In conclusion, the committee opined that the evidence generated clearly points to the need for screening for CVD in medical students and doctors. Assessment of severity of CVD and subsequent counselling will improve decision making for an informed choice of career, it suggested.
Doctors with known CVD could choose from the wide range of specialties, and therefore, non-acceptance of applicants to medical school does not arise, the committee observed.
Doctors and other medical professionals will benefit by knowing the severity of their deficiency and this will lead to better work performance as those aware of their limitations will more likely, use corrective measures, it suggested.
Another expert in the committee, observed that people with CVD are not totally colour blind. Rather their difficulties with colour vision range on a continuum from mild to severe levels of deficiency. CVD is not uncommon in the general population. Prevalence studies from the UK estimate congenital CVD to be present in 8 per cent of men and 0.5 per cent of women. People with CVD learn to adapt to their deficiency by using a variety of cues and assumptions to guess the colour of the object they are seeing. There is a lack of consensus across different professions about how best to determine vocational suitability of those with CVD, the expert added.
With proper awareness, adequate help and sustained effort, most students and doctors should be able to overcome any difficulties arising from the CVD. Though there is no strong evidence that physicians with CVD miss important signs of medical illnesses, those with severe CVD who are unaware of their deficiency are at an increased risk of committing errors, the experts have found.
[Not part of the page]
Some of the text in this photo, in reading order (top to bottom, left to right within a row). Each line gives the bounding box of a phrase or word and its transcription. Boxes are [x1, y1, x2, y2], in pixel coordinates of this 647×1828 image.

While patient welfare and safety are important considerations, care has to be taken to balance patient-related concerns with sensitivity for doctors afflicted with CVD and proper regard for their right to be treated fairly and their right to pursue their choice of careers, another expert suggested.
However, screening at the undergraduate and postgraduate level, with the use of appropriate tests, assumes importance for Indian students, because unlike the standard practice in the West, people with CVD in India are less likely to have been screened at any earlier stage, it was pointed out.
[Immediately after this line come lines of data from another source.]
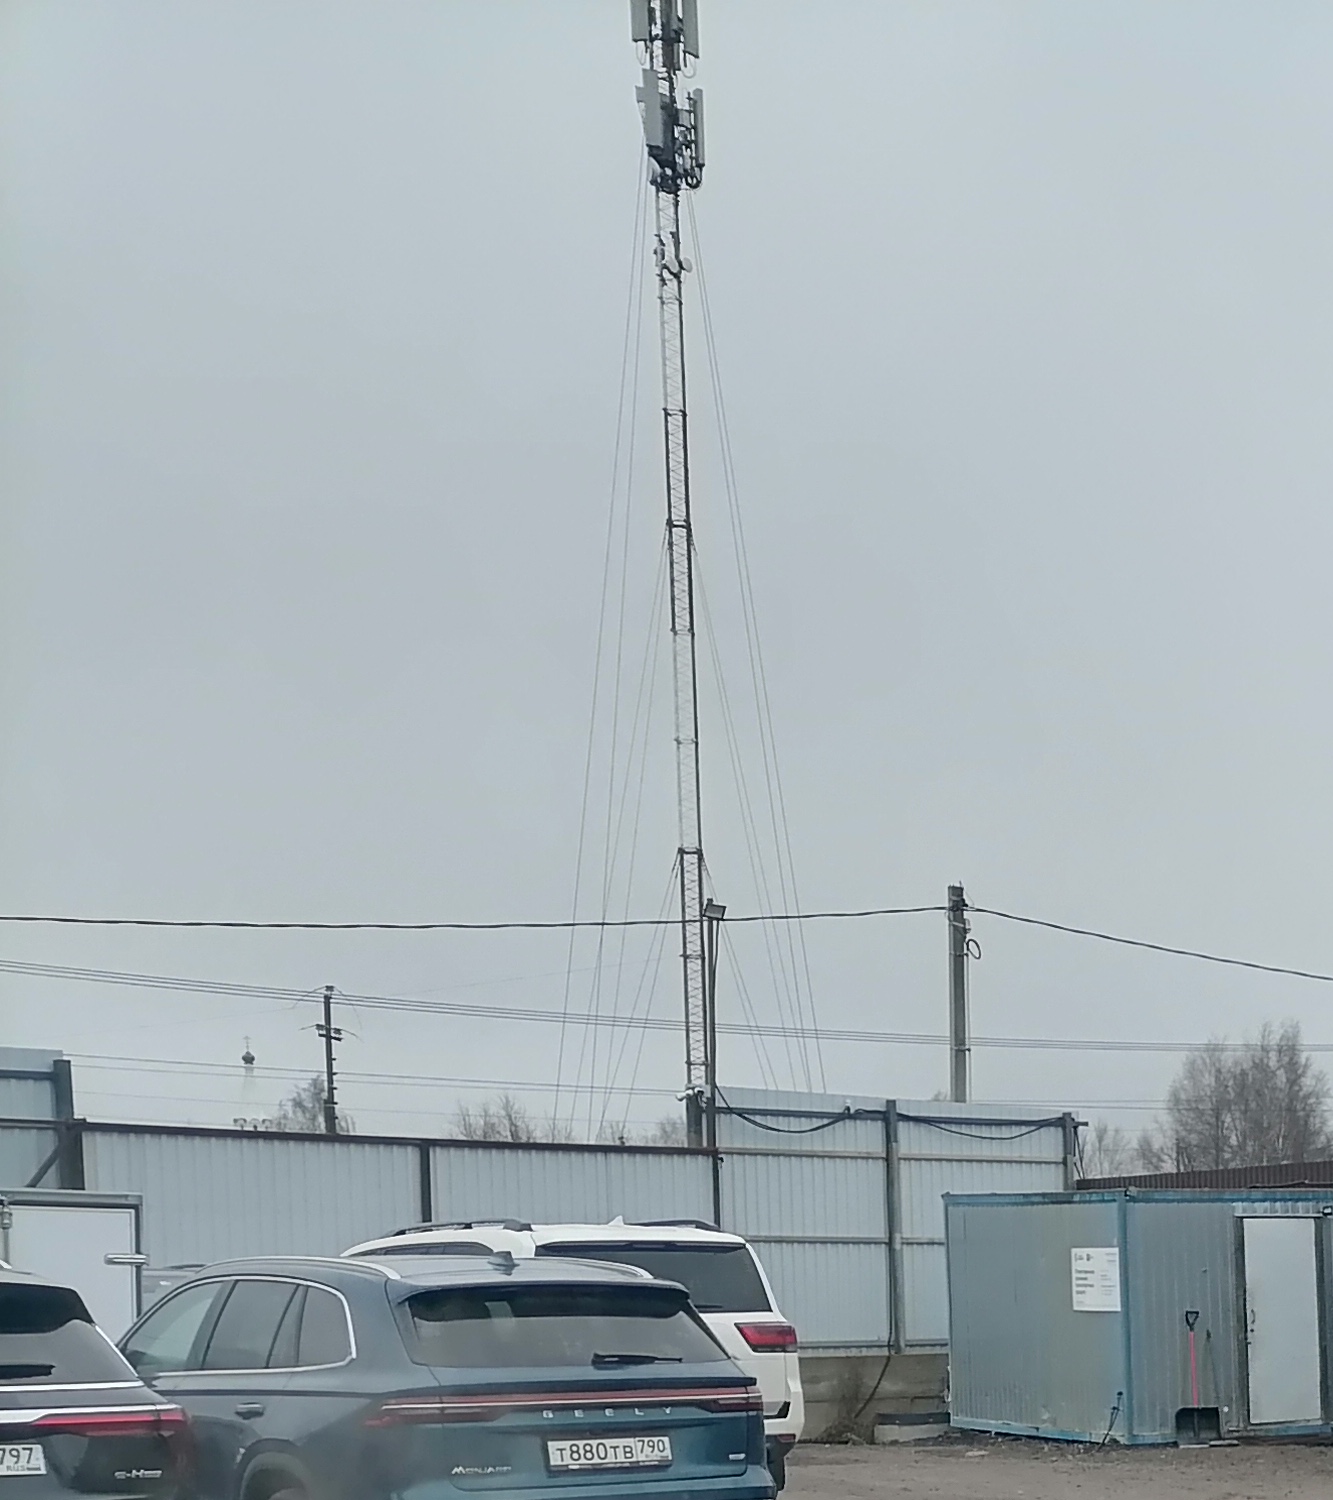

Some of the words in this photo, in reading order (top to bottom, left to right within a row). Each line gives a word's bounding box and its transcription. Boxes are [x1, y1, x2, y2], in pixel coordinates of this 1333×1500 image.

[542, 1406, 672, 1418] GEELY
[637, 1439, 666, 1455] 790
[0, 1447, 33, 1465] 797
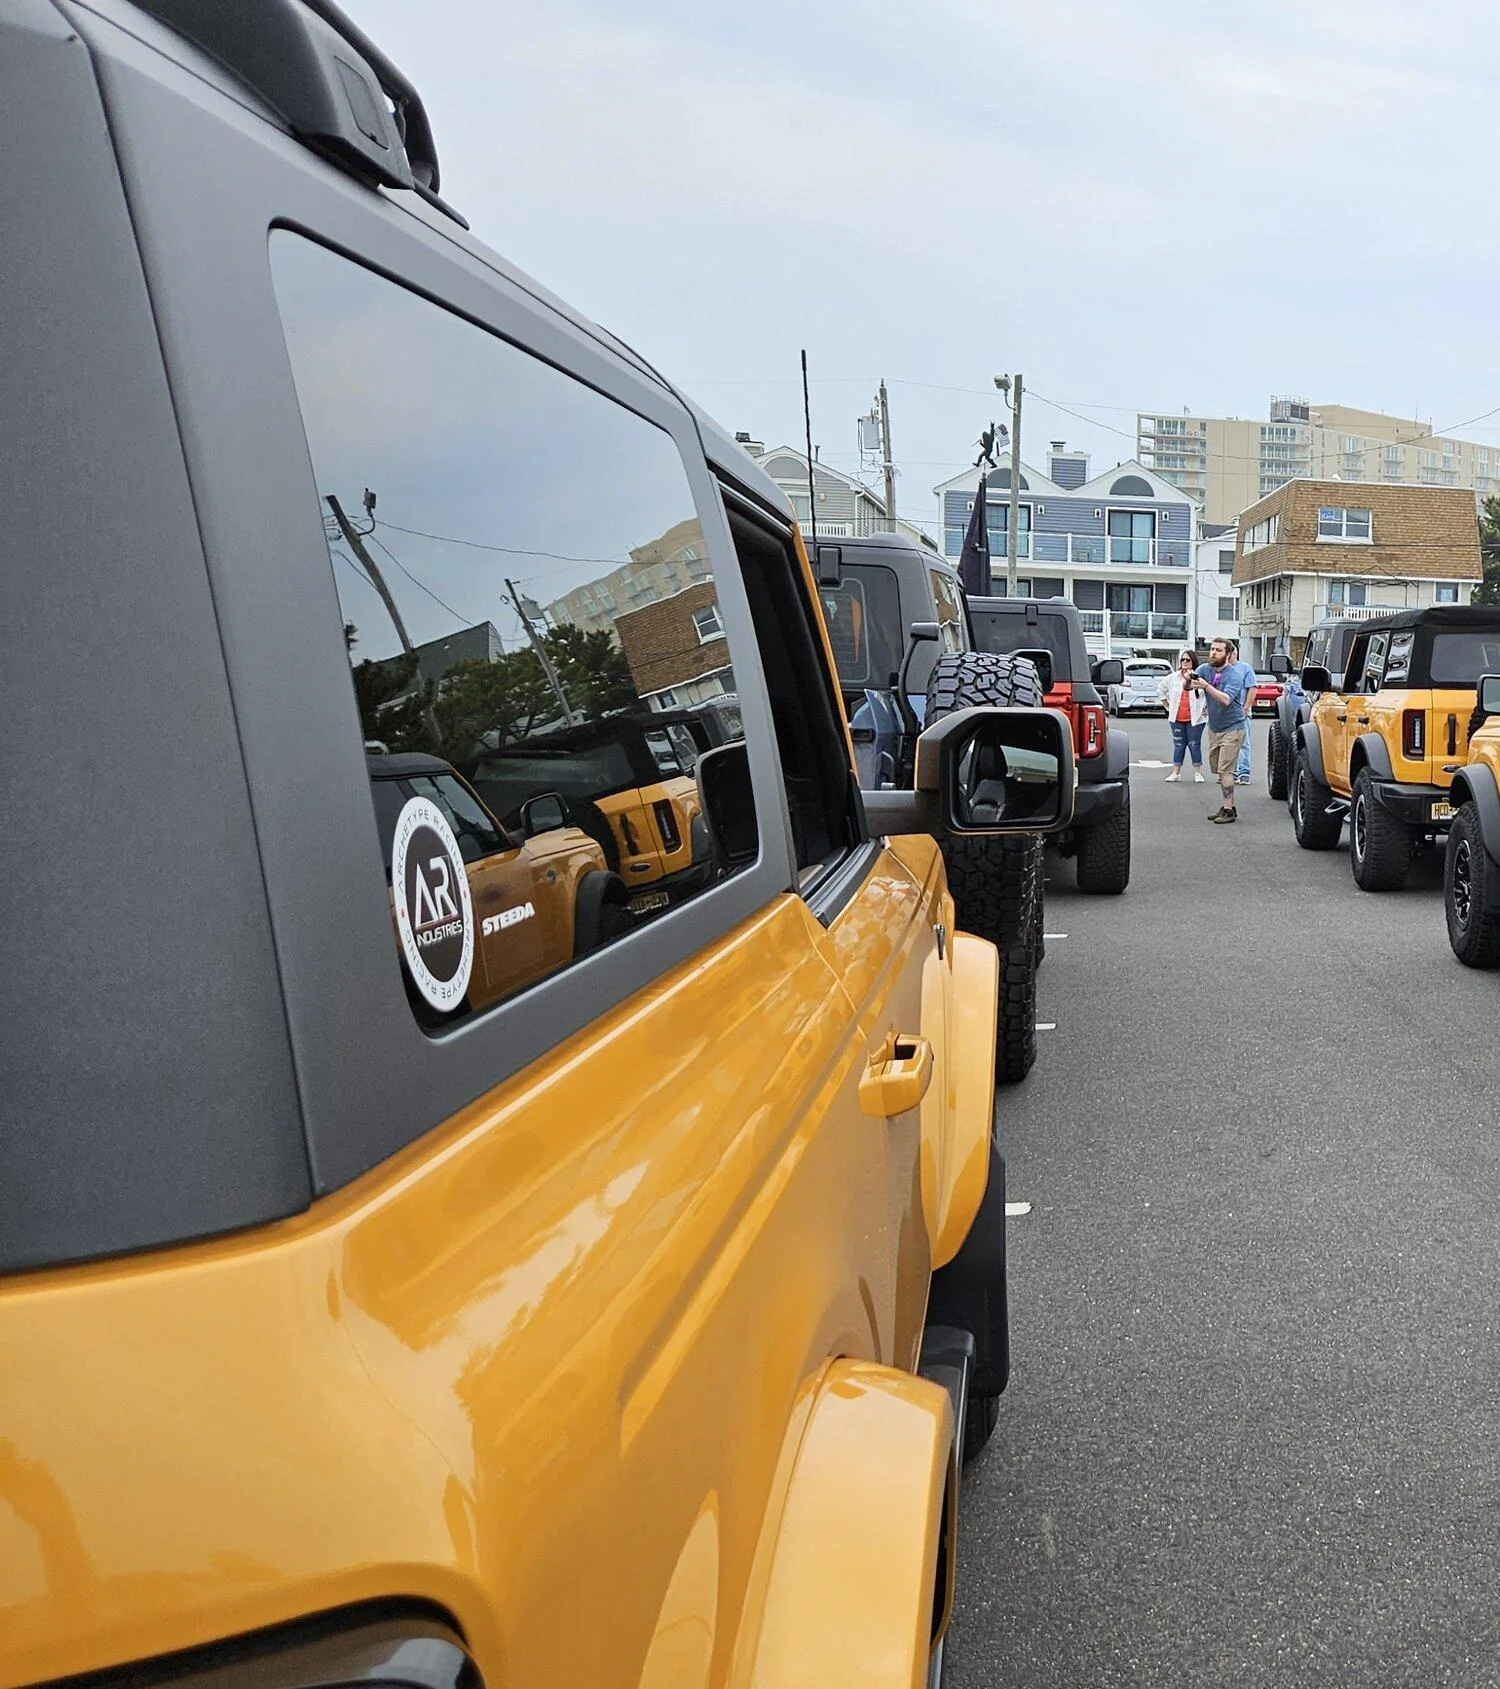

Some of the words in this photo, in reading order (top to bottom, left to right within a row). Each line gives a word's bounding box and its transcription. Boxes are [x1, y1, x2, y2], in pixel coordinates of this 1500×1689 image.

[397, 808, 430, 896] ARCHETYPE
[433, 815, 464, 881] RACING
[415, 855, 459, 928] AR
[482, 901, 536, 937] STEEDA
[404, 930, 437, 997] RACING
[416, 919, 463, 948] INDUSTRIES
[440, 914, 472, 999] ARCHETYPE
Those who screen positive should be tested more extensively to determine the nature and severity of their CVD, the difficulties they are likely to encounter in their training, their awareness of the condition and the psychosocial impact of their CVD, it was proposed.
The choice of the specialty should be tailored to the severity of CVD, the extent of difficulties in performing clinical tasks related to that speciality, and the needs and expectations of the individual trainees. It can be hoped that with proper education and counselling most doctors will be able to make an informed and appropriate choice of the medical specialty they want to practise, one of the experts had observed.
In conclusion, the committee had held that CVD does not have any embargo of any type whatsoever.